Johnson & Johnson’s (JNJ) punishment on Wall Street Monday might be premature.
The pharmaceutical and consumer packaged good provider fell another 2.9% during Monday’s trading, building on a 10% dip on Friday that has cut the company’s market cap by about $50 billion in a matter of days.
The plummeting share price was motivated by a Reuters investigation that accused the company of covering up the company’s peddling of potentially cancerous talcum powder products for decades.
Yet, questions remain about where the truth lies between massive conspiracy and a blameless corporation.
“Reuters claims this goes all back to the 1970s, possibly even the 1950s. If that’s true, then that means the level of fraud, conspiracy, and/or incompetence reaches levels never before experienced in human history. I find it hard to believe,” Real Money contributor Tim Collins wrote in his column this morning. “Even more difficult to believe is the selloff.”
To be sure, the stock still has an extremely high headline risk as the possibility of an unraveling conspiracy uncovered by Reuters weighs on the mind of investors.
The controversy carries over to the courtroom as well.
The company is confronting nearly 12,000 plaintiffs at present and the litigation cost only stands to increase as the company attracts attention through the press.
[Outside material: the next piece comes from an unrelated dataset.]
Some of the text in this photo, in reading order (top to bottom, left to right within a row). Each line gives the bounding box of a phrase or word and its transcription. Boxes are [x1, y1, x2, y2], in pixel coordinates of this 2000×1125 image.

Yet, given the plethora of exculpatory evidence published by numerous prestigious universities related to talc and cancer, winning the cases against Johnson & Johnson will be an uphill battle.
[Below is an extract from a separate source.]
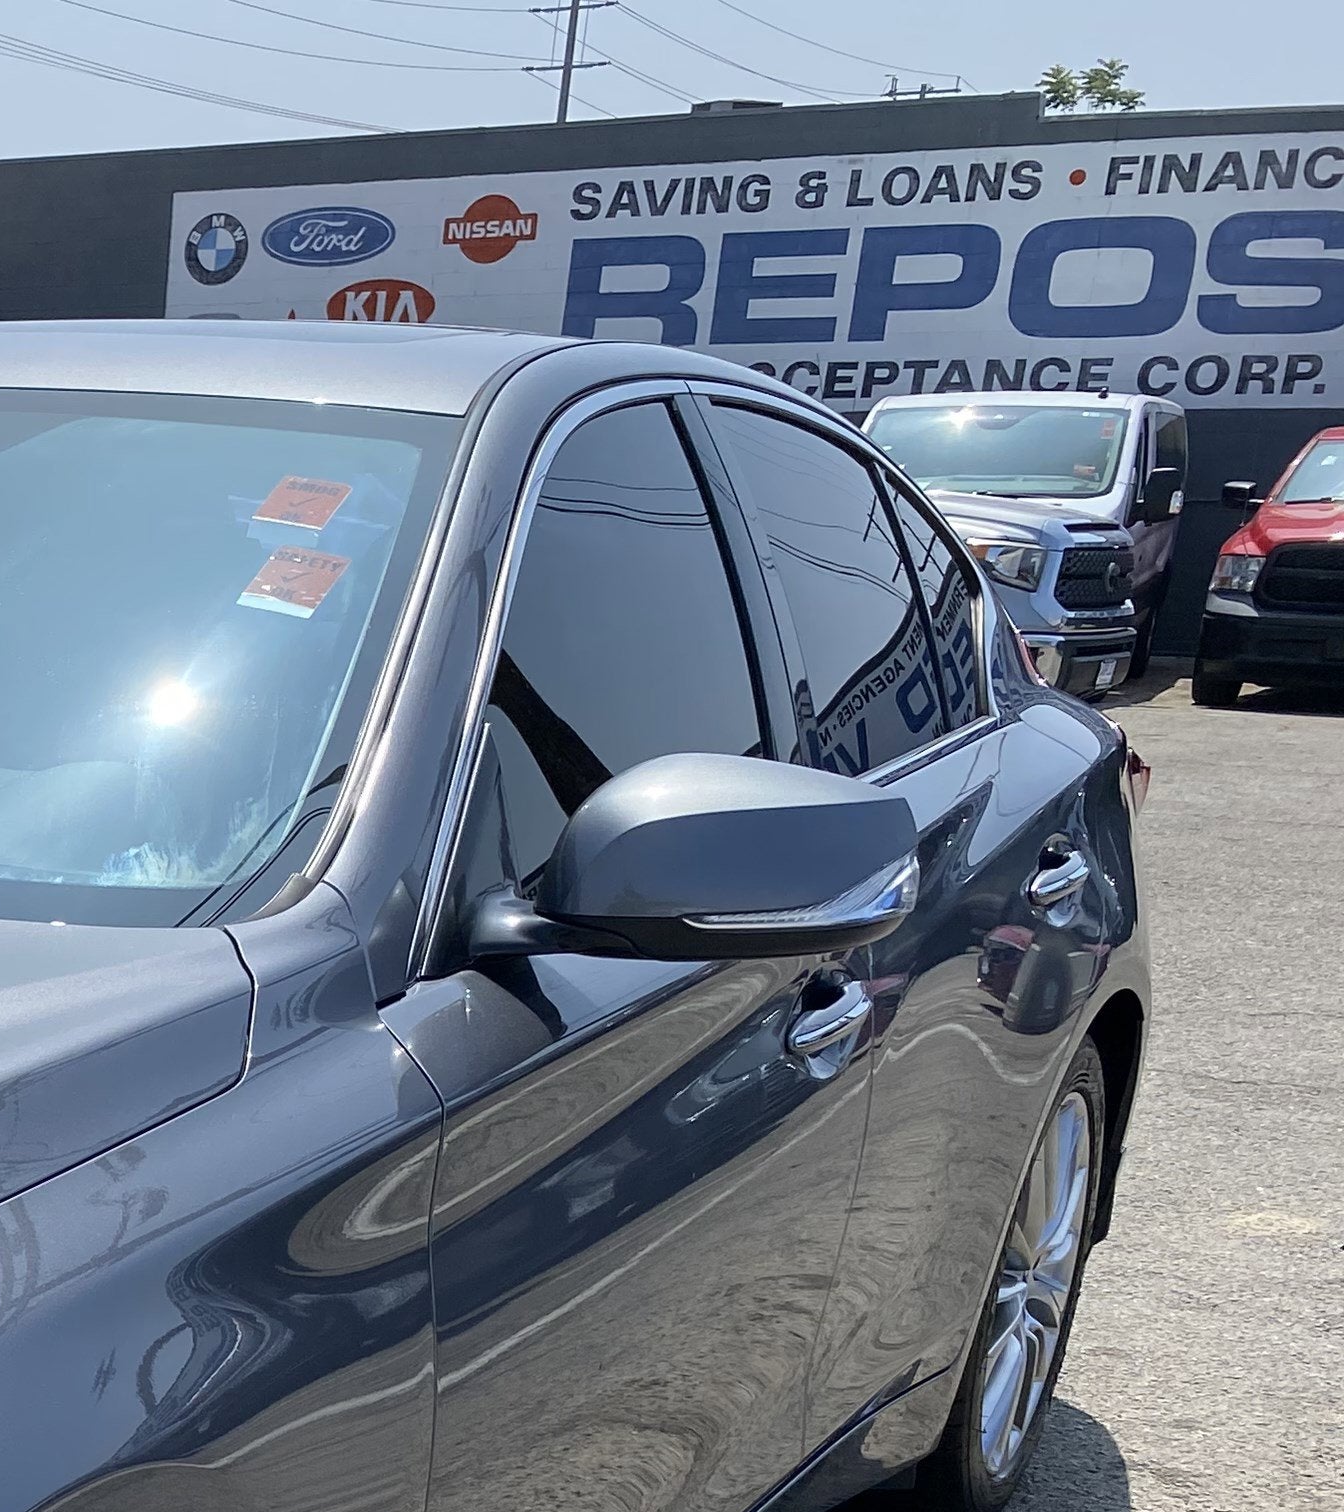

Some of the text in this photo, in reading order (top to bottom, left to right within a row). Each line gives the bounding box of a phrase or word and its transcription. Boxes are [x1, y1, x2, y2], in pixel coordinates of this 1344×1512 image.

“If this plays out in court, the burden of proof lies with the plaintiffs, which means they will have to do something that has never been done: scientifically show a causal link between baby powder usage and cancer,” Collins pointed out.
Even if the company were to lose each of its cases, the total punishment the stock has taken would not seem to fit the crime. The largest penalties ever levied do not exceed $5 billion. And the largest liability ever assumed by a company barely reaches past $20 billion, less than half of J&J’s recent market cap hit.
The company seems confident in its ability to beat this headline havoc, announcing the authorization of $5 billion in share repurchases after Monday’s close.
As shares turn positive on that move, all eyes will head to Mad Money this evening to see if CEO Alex Gorsky can convince the market that the punishment so far is indeed cruel and unusual.